She sits in the shower until her fingers look like prunes. When she finally emerges, her back and chest blaze an angry scarlet, the heat leaching from her skin as she stands in the chilly bathroom air. 

She scrubs her body dry and pulls on her clothes before snatching her wand and magically drying her hair. The curls spring to life as the jet of air reaches them, punching into the air as though hit by an electric shot. Hermione twists the strands into two tight plaits and looks in the mirror. 

The girl looking back at her looks older than she ought to, with shadows under her eyes and premature lines etched into her forehead. Hermione frowns as she examines her face. A new and frightening thought bursts into her mind. 

If she can find her parents and restore their memories, will they even recognize her? 

She shakes the thought away, glancing back at the mirror. Her most distinctive features are unchanged. Her hair remains an untamable beast, just like her father’s when he waits too long between haircuts. Her eyes remain a deep, unrepentant brown like her mother’s. She still takes her tea black, and despises sheep’s wool sweaters that make her neck itch, and can recite the first scene of The Tempest from memory.   

They will know. 

She turns away from the mirror and walks to the door of her room. She takes out her wand and waves it, muttering under her breath as she checks the protective enchantments she cast the night before. The gentle light emanating from her wand hums idly, and Hermione knows the enchantments have not been altered in the night. 

She doesn’t know if it would be considered paranoia or a reasonable concern for safety, her impulse to cast these enchantments even when hidden deep in muggle Sydney. 

" Constant vigilance, ” the voice of Mad-Eye Moody growls in her ear. You never know where danger lies. 

Hermione waves her wand again to remove the enchantments, feeling the deep, ancient warmth they had provided during the evening recede. She bends down and snatches her knapsack from its perch on the floor, tucks her wand in her pocket, and opens the door. 

The hallway sits deserted, such that every one of Hermione’s gentle footsteps seems to echo around her. She flinches as the elevator dings to announce its arrival, and then again when it opens in the lobby. 

She spots the man sitting at a table in the lobby as soon as she turns the corner, and would have guessed who it was even without the tell-tale red hair. 

George hunches over the tabletop, eyes cast down. He does not look up as Hermione approaches, and as she gets closer she sees a quill clutched in his hand scratching over a creased piece of parchment. 

Hermione reaches the table and pulls back the chair across from George, cringing as the metal legs screech against the floor. 

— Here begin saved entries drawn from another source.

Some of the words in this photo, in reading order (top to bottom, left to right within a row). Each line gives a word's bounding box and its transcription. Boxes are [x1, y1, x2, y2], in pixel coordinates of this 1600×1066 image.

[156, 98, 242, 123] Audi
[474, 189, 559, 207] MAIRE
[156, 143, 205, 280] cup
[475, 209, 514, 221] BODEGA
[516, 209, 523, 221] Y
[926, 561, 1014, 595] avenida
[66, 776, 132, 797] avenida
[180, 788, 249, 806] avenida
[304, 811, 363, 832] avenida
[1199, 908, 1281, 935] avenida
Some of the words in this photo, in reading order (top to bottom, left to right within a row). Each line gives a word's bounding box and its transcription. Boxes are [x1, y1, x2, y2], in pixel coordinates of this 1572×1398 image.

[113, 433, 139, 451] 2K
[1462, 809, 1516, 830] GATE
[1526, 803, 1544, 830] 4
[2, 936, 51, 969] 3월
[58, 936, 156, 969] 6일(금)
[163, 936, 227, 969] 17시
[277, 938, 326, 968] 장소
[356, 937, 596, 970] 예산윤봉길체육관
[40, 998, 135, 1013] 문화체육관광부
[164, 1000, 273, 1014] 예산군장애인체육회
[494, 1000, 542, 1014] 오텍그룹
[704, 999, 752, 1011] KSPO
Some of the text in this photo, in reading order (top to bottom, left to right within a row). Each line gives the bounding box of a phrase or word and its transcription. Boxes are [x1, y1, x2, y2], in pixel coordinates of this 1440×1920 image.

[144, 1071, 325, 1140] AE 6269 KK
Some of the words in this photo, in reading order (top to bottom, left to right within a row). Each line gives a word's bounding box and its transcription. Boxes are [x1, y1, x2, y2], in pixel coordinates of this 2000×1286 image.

George’s eyes snap up. His brows furrow and shoulders tense for a second, but then he seems to register that it is Hermione taking a seat across from him, and he relaxes. 

“You’re up early,” he says in a light voice, folding the parchment in quarters and tucking it into his pocket. 

Hermione scans George’s face as subtly as she can, eyes slipping from his rumpled hair to the shadowy stubble on his jaw. He looks haggard, though in better spirits than he had been when they parted ways the night before. 

“So are you,” she answers him in what she hopes passes as a casual tone. “Were you hoping to be the first one in line for the hotel breakfast?” 

George gives a brief snort. He glances up at her, blue eyes peering at her beneath a fringe of blond eyelashes. “I still can’t seem to sleep through an entire night,” he mutters. His eyes drop again to the table in front of him and he runs a hand through his hair, causing it to stand on end. “You know how it is.” 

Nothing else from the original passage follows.